▶ Text-to-region grounding data:

◆ ◆ ◆ ◆

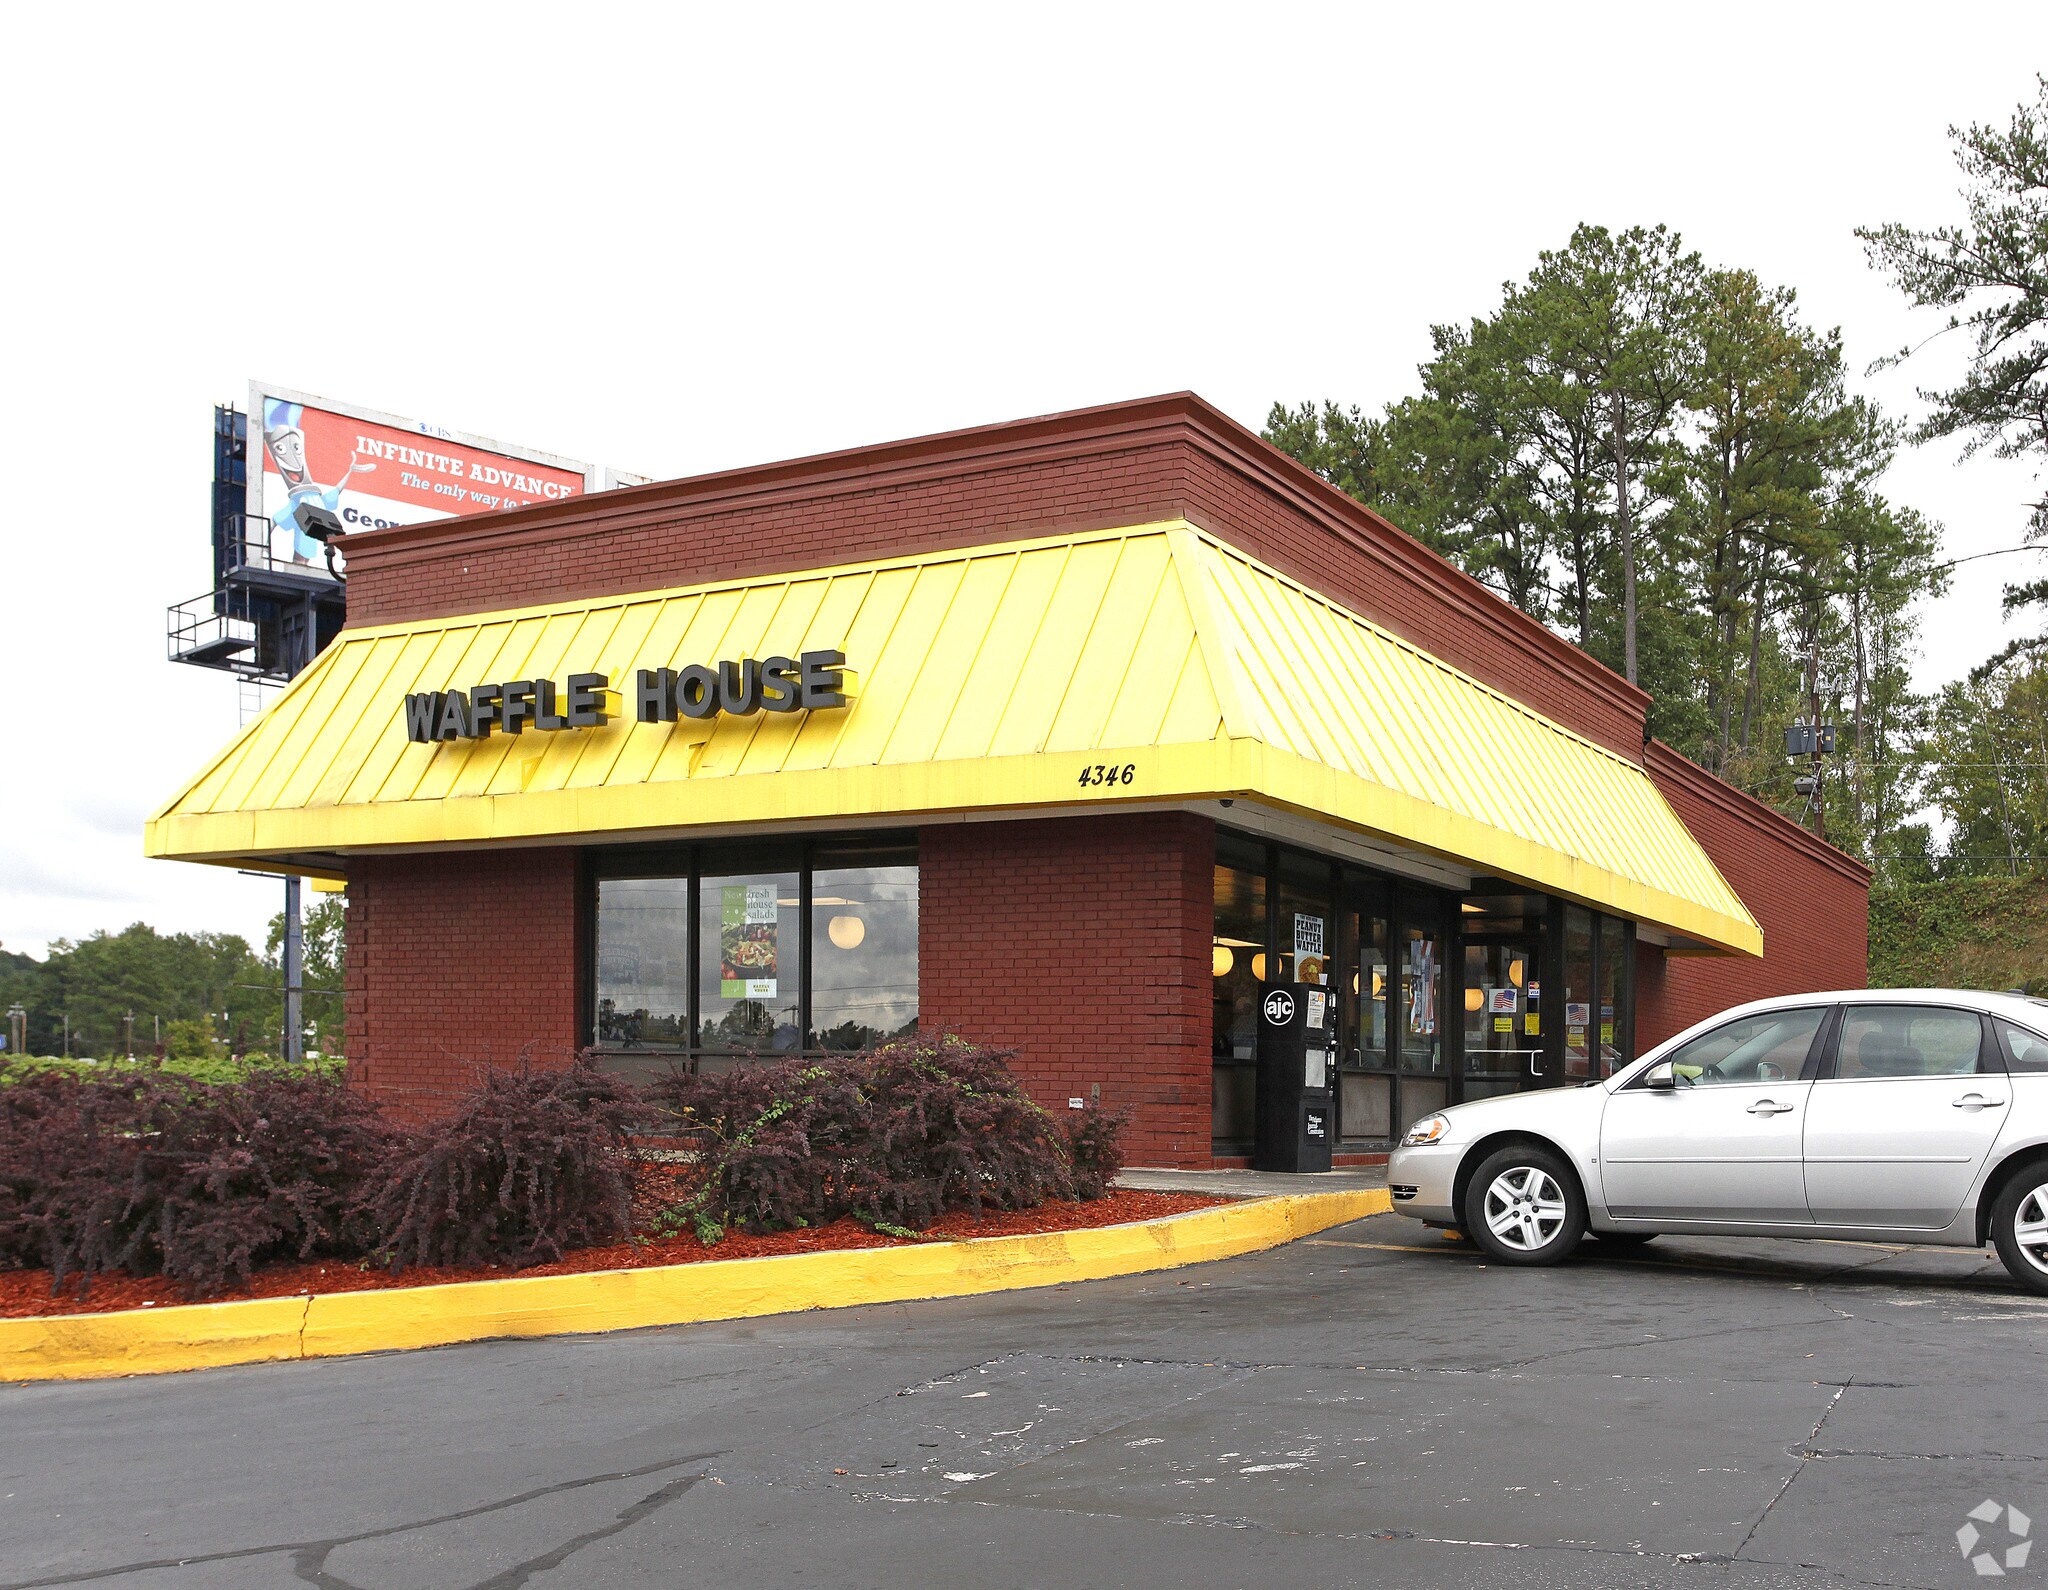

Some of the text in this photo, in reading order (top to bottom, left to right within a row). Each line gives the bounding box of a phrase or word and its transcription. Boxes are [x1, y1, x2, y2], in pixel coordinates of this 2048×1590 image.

[355, 435, 464, 476] INFINITE
[400, 471, 517, 509] The only way to
[404, 649, 846, 743] WAFFLE HOUSE
[1078, 764, 1136, 788] 4346
[747, 888, 770, 899] fresh
[747, 910, 775, 919] salads
[1296, 919, 1321, 934] PEANUT
[1296, 929, 1321, 943] BUTTER
[1296, 940, 1321, 953] WAFFLE
[1266, 997, 1292, 1019] ajc
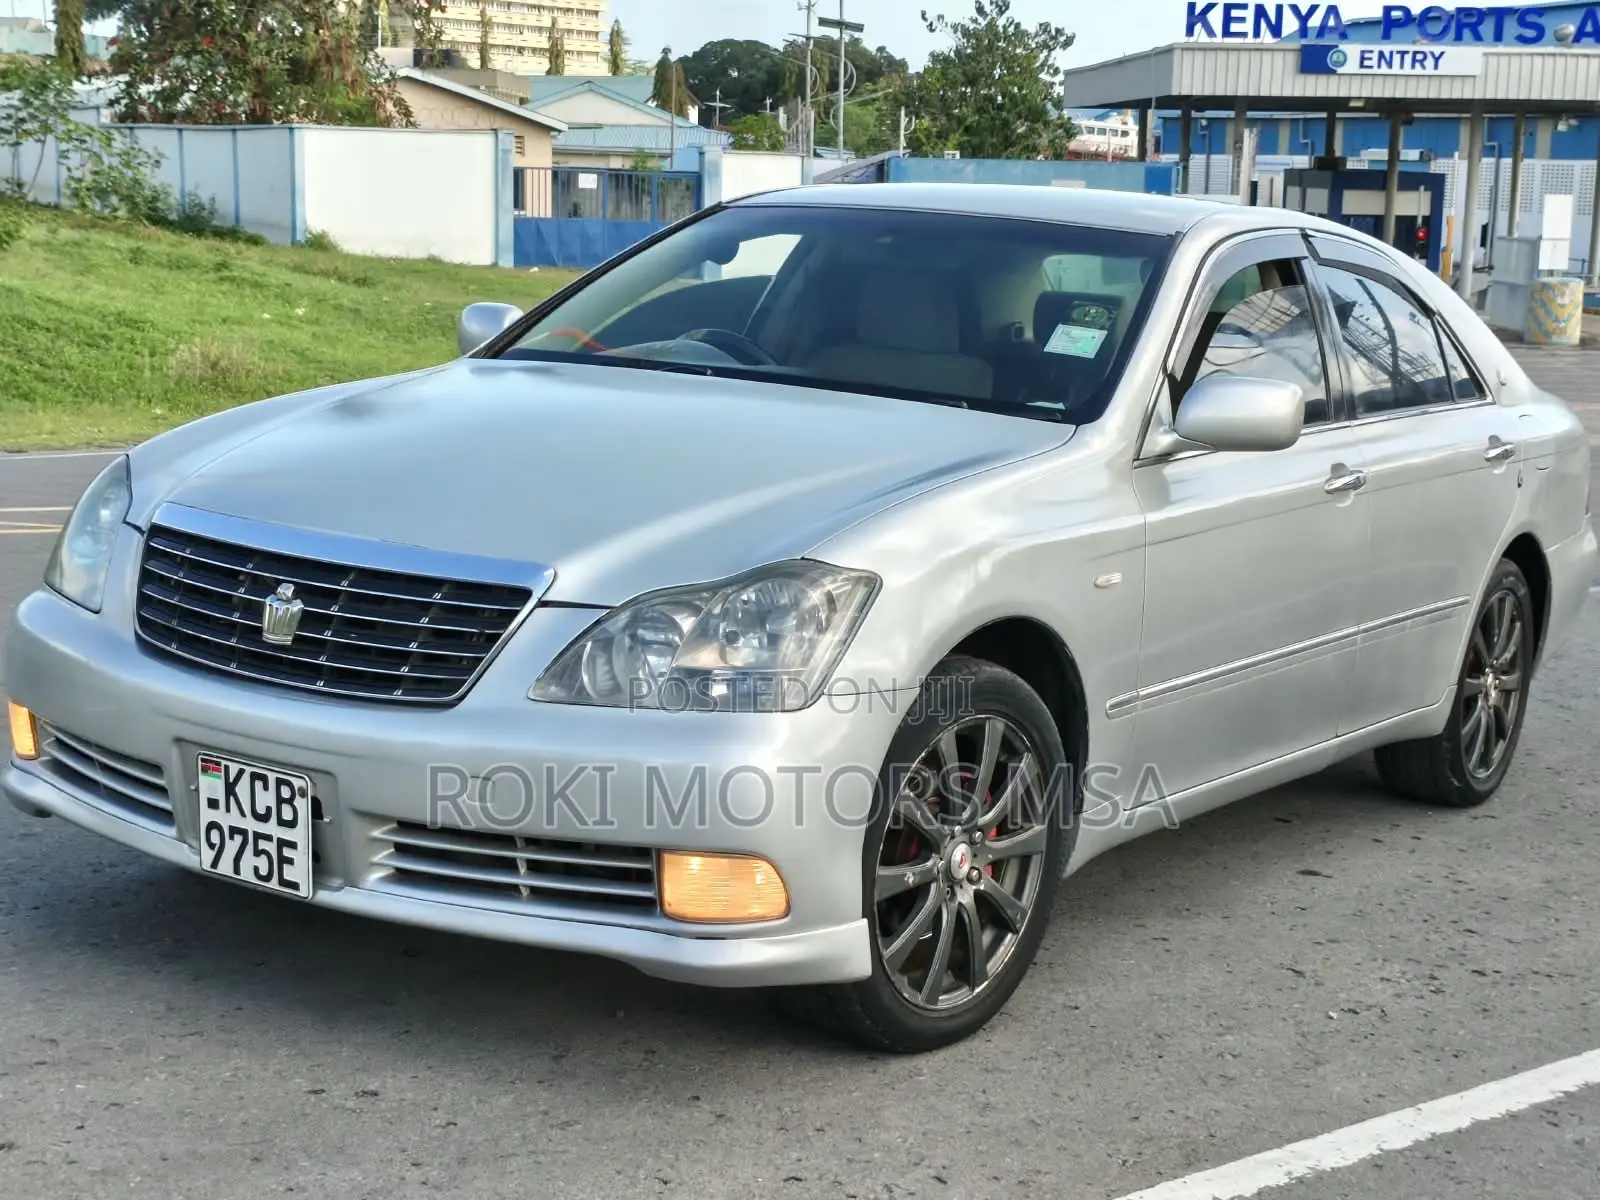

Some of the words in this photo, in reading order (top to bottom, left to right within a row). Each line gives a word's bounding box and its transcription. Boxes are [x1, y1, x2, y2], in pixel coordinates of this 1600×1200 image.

◆ ◆ ◆ ◆

▶ Task goal:
Return the records above in their entirety, word for word, with the pictures removed.

▶ Solution for this problem:
Some of the text in this photo, in reading order (top to bottom, left to right within a row). Each line gives the bounding box of a phrase or word and its transcription. Boxes are [x1, y1, x2, y2], in pixel coordinates of this 2048×1590 image.

[355, 435, 464, 476] INFINITE
[400, 471, 517, 509] The only way to
[404, 649, 846, 743] WAFFLE HOUSE
[1078, 764, 1136, 788] 4346
[747, 888, 770, 899] fresh
[747, 910, 775, 919] salads
[1296, 919, 1321, 934] PEANUT
[1296, 929, 1321, 943] BUTTER
[1296, 940, 1321, 953] WAFFLE
[1266, 997, 1292, 1019] ajc

Some of the words in this photo, in reading order (top to bottom, left to right within a row). Each line gives a word's bounding box and its transcription. Boxes are [x1, y1, x2, y2], in pixel coordinates of this 1600×1200 image.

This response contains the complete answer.